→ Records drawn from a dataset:
Start of Block

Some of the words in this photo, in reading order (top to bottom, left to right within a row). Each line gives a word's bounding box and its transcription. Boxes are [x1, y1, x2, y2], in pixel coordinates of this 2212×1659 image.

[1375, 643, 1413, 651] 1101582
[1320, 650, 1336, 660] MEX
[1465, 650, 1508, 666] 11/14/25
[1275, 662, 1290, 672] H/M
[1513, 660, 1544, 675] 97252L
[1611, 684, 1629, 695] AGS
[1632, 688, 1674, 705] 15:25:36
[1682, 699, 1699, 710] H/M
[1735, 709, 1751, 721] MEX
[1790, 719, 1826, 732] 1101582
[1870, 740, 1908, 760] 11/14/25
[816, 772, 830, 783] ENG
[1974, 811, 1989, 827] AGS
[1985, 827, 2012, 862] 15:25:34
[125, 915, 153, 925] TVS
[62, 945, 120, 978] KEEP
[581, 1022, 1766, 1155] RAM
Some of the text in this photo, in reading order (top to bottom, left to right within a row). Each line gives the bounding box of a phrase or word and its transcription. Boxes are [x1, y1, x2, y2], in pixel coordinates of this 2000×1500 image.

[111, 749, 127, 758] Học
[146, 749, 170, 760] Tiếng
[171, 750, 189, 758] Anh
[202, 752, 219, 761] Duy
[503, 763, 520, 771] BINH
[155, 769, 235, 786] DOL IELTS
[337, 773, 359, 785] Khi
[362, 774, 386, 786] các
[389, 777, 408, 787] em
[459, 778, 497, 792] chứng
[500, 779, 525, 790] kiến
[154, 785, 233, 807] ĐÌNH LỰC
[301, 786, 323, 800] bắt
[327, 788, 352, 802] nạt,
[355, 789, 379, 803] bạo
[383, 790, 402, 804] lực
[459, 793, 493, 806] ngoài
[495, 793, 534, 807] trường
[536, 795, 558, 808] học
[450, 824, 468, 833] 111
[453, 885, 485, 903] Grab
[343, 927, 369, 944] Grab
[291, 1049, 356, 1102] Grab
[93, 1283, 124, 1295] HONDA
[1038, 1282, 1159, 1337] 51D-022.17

End of Block

→ PROBLEM REQUIREMENTS:
Give the entries again exactly as they stand.

→ SOLUTION TO THIS TASK:
Some of the words in this photo, in reading order (top to bottom, left to right within a row). Each line gives a word's bounding box and its transcription. Boxes are [x1, y1, x2, y2], in pixel coordinates of this 2212×1659 image.

[1375, 643, 1413, 651] 1101582
[1320, 650, 1336, 660] MEX
[1465, 650, 1508, 666] 11/14/25
[1275, 662, 1290, 672] H/M
[1513, 660, 1544, 675] 97252L
[1611, 684, 1629, 695] AGS
[1632, 688, 1674, 705] 15:25:36
[1682, 699, 1699, 710] H/M
[1735, 709, 1751, 721] MEX
[1790, 719, 1826, 732] 1101582
[1870, 740, 1908, 760] 11/14/25
[816, 772, 830, 783] ENG
[1974, 811, 1989, 827] AGS
[1985, 827, 2012, 862] 15:25:34
[125, 915, 153, 925] TVS
[62, 945, 120, 978] KEEP
[581, 1022, 1766, 1155] RAM
Some of the text in this photo, in reading order (top to bottom, left to right within a row). Each line gives the bounding box of a phrase or word and its transcription. Boxes are [x1, y1, x2, y2], in pixel coordinates of this 2000×1500 image.

[111, 749, 127, 758] Học
[146, 749, 170, 760] Tiếng
[171, 750, 189, 758] Anh
[202, 752, 219, 761] Duy
[503, 763, 520, 771] BINH
[155, 769, 235, 786] DOL IELTS
[337, 773, 359, 785] Khi
[362, 774, 386, 786] các
[389, 777, 408, 787] em
[459, 778, 497, 792] chứng
[500, 779, 525, 790] kiến
[154, 785, 233, 807] ĐÌNH LỰC
[301, 786, 323, 800] bắt
[327, 788, 352, 802] nạt,
[355, 789, 379, 803] bạo
[383, 790, 402, 804] lực
[459, 793, 493, 806] ngoài
[495, 793, 534, 807] trường
[536, 795, 558, 808] học
[450, 824, 468, 833] 111
[453, 885, 485, 903] Grab
[343, 927, 369, 944] Grab
[291, 1049, 356, 1102] Grab
[93, 1283, 124, 1295] HONDA
[1038, 1282, 1159, 1337] 51D-022.17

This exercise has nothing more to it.